I’m taking the margaritas at the mall pill
It’s a nice day, and everyone needs to leave the house—find somewhere else to sit around—from time to time. Practically, though, my circumstances leave me relatively limited in the spaces I can occupy. I can’t go to a coffee shop. I get insecure, squeamish even, around that subset of individuals with actual work to do, people with jobs. Not to mention, my table manners are abysmal, I’ve always got a foot up on the chair or something similarly undignified.
At the library, there’ll always be a guy standing outside to harass you about voting or petitions and it’s really not something I have any patience for. They really don’t know what they’re doing, approaching me with that stuff. I’m the product of a normie CNN lib, “they’re literal nazis” mom and a Steve Bannon fancam father. My politics are, accordingly, regarded.
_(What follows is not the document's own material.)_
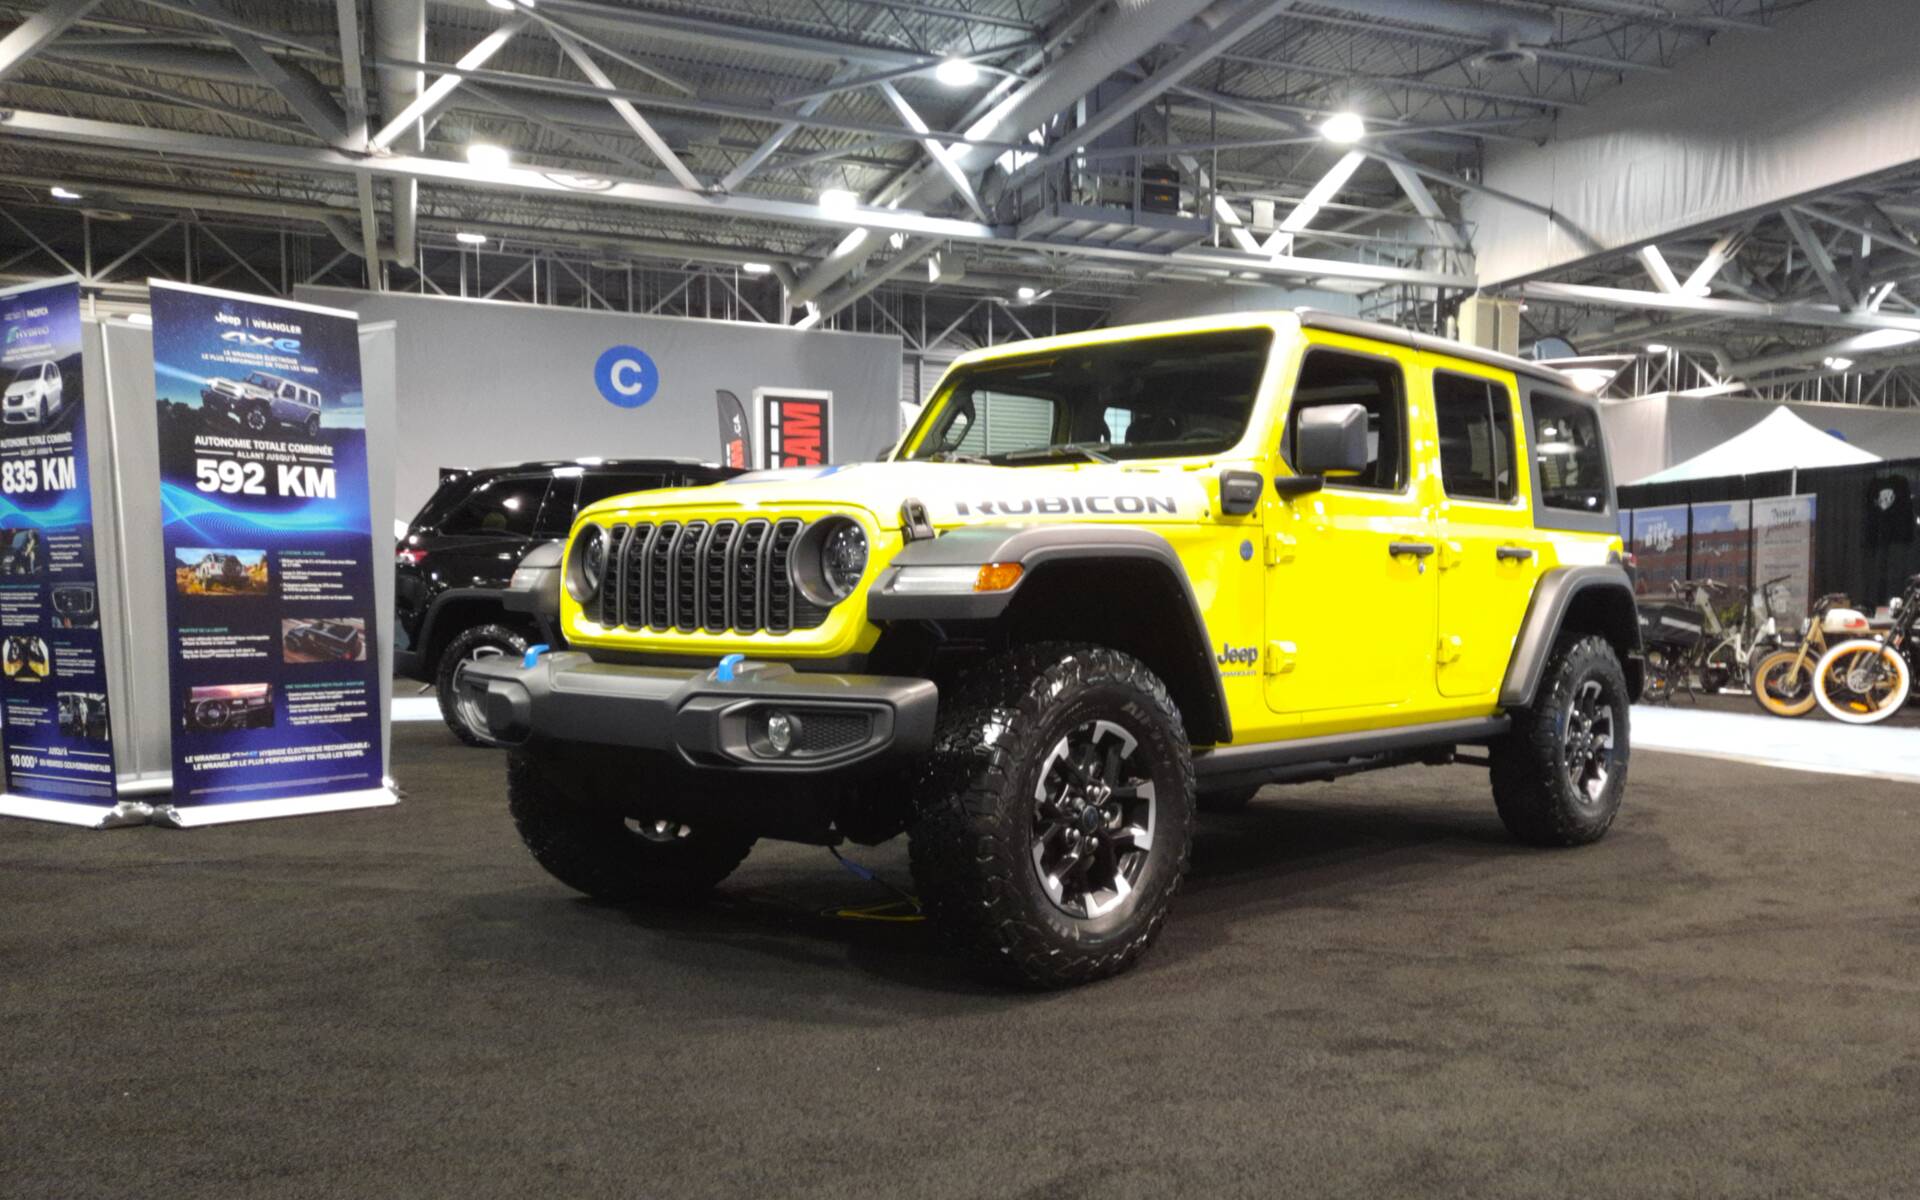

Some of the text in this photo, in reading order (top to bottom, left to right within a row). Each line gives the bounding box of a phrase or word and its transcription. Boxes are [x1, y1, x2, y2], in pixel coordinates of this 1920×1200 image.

This is how I end up at the mall in the year 2025. First, I decide to walk down to the movie theater to fill up my water bottle with that perfect crunchy ice that nicely satisfies my pagophagic cravings, which are secondary to an underlying—no, not anemia—just a manifestation of your garden variety oral fixation in a girl without a more, well, productive outlet for such impulses. I walk past a pimply teenage boy with wire rim glasses wearing an absolutely monstrous black leather collar—the thing is garnished with leather spikes that really drive the point home, I think. He’s walking alongside this girl-obese, but, in fairness, otherwise fairly inoffensive in appearance—with, yes, leash in hand. There’s an elderly man wearing—improbably, I know, but I promise I’m not making this up—cat ear headphones— turning to kiss a much younger asian woman. What a touching scene— I would cast these two instantly in a Cialis advertisement, if I had a say in such things. To my right, a visibly homeless man is watching Dave Ramsey YouTube shorts off a screen so cracked the edges are starting to peel up. An unfamiliar feeling sets in—I’ve never felt so sure—yes, this is where I really belong.